> [WHAT IS EXPECTED]:
Could you copy the records below exactly, leaving out any pictures they include?

-- -- --

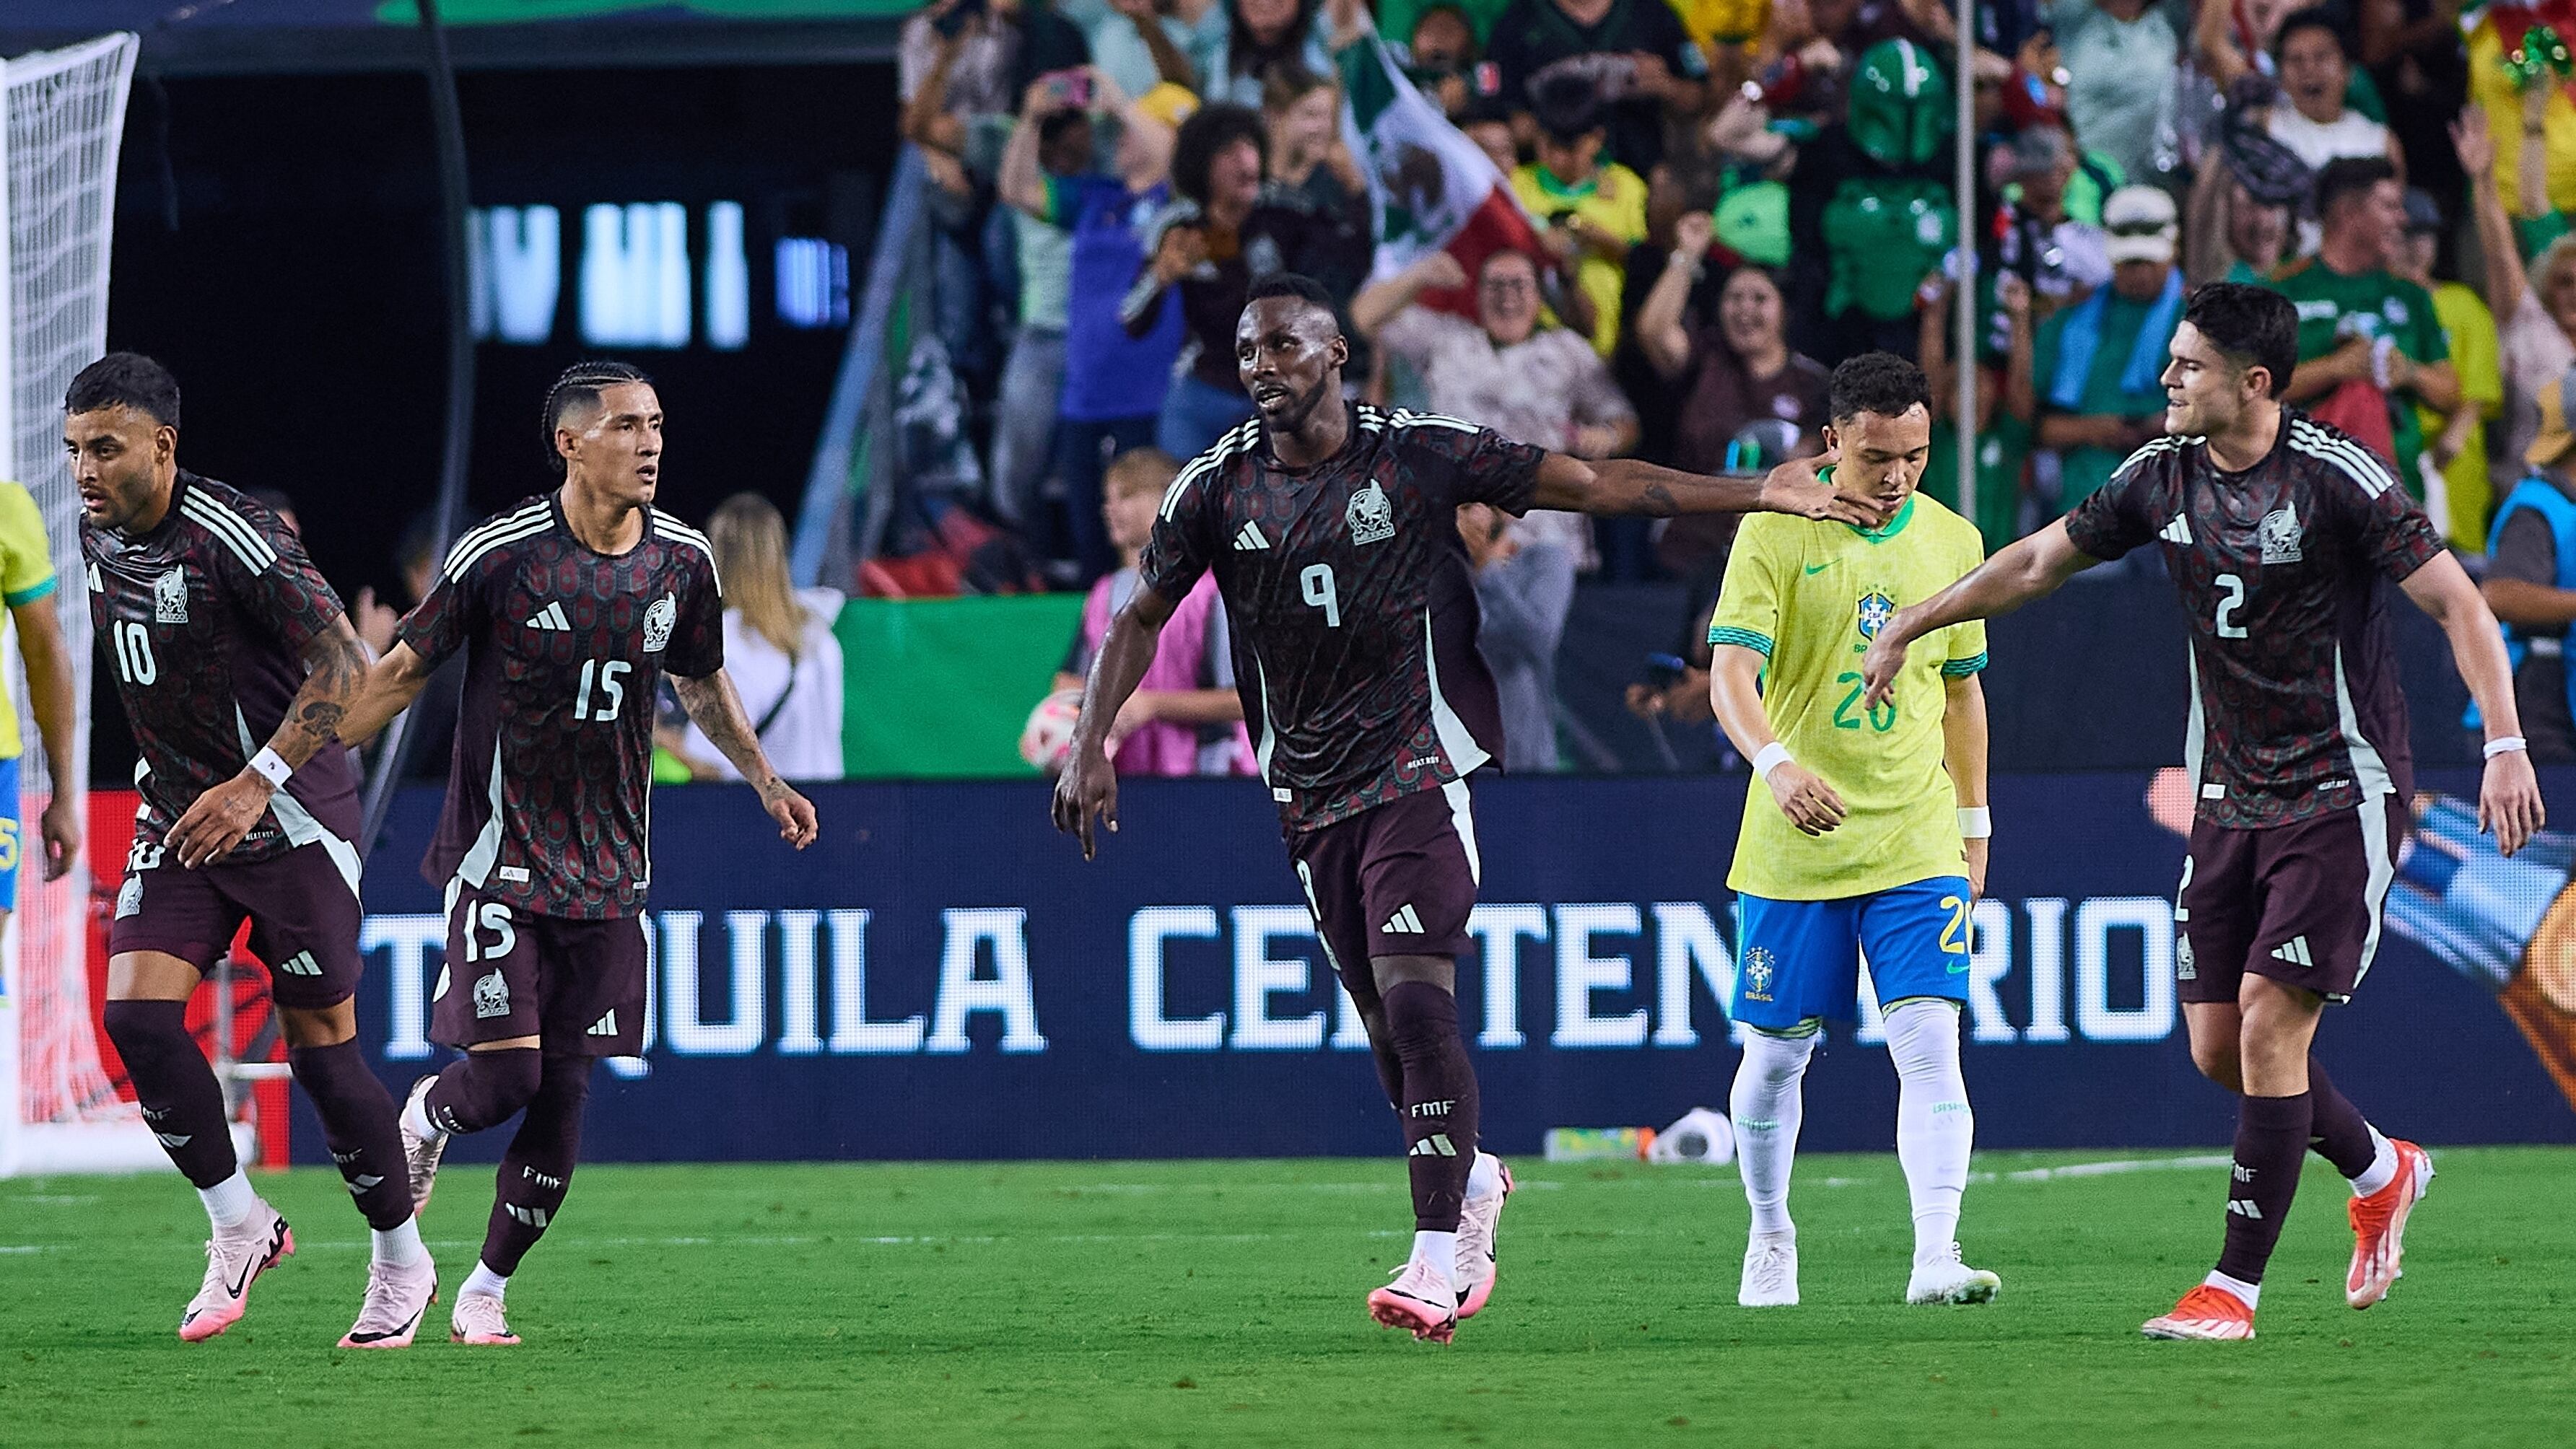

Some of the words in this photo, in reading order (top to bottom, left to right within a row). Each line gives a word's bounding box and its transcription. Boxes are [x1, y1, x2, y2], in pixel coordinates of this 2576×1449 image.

[1300, 563, 1340, 627] 9
[2214, 574, 2248, 638] 2
[114, 619, 157, 686] 10
[575, 659, 632, 721] 15
[464, 899, 515, 963] 15
[358, 906, 1049, 1078] TUILA
[1127, 896, 2178, 1053] CETENRIO
[142, 1106, 172, 1120] MF
[1411, 1100, 1456, 1118] FMF
[2233, 1160, 2258, 1183] MF

-- -- --

> [EXERCISE RESPONSE]:
Some of the words in this photo, in reading order (top to bottom, left to right within a row). Each line gives a word's bounding box and its transcription. Boxes are [x1, y1, x2, y2], in pixel coordinates of this 2576×1449 image.

[1300, 563, 1340, 627] 9
[2214, 574, 2248, 638] 2
[114, 619, 157, 686] 10
[575, 659, 632, 721] 15
[464, 899, 515, 963] 15
[358, 906, 1049, 1078] TUILA
[1127, 896, 2178, 1053] CETENRIO
[142, 1106, 172, 1120] MF
[1411, 1100, 1456, 1118] FMF
[2233, 1160, 2258, 1183] MF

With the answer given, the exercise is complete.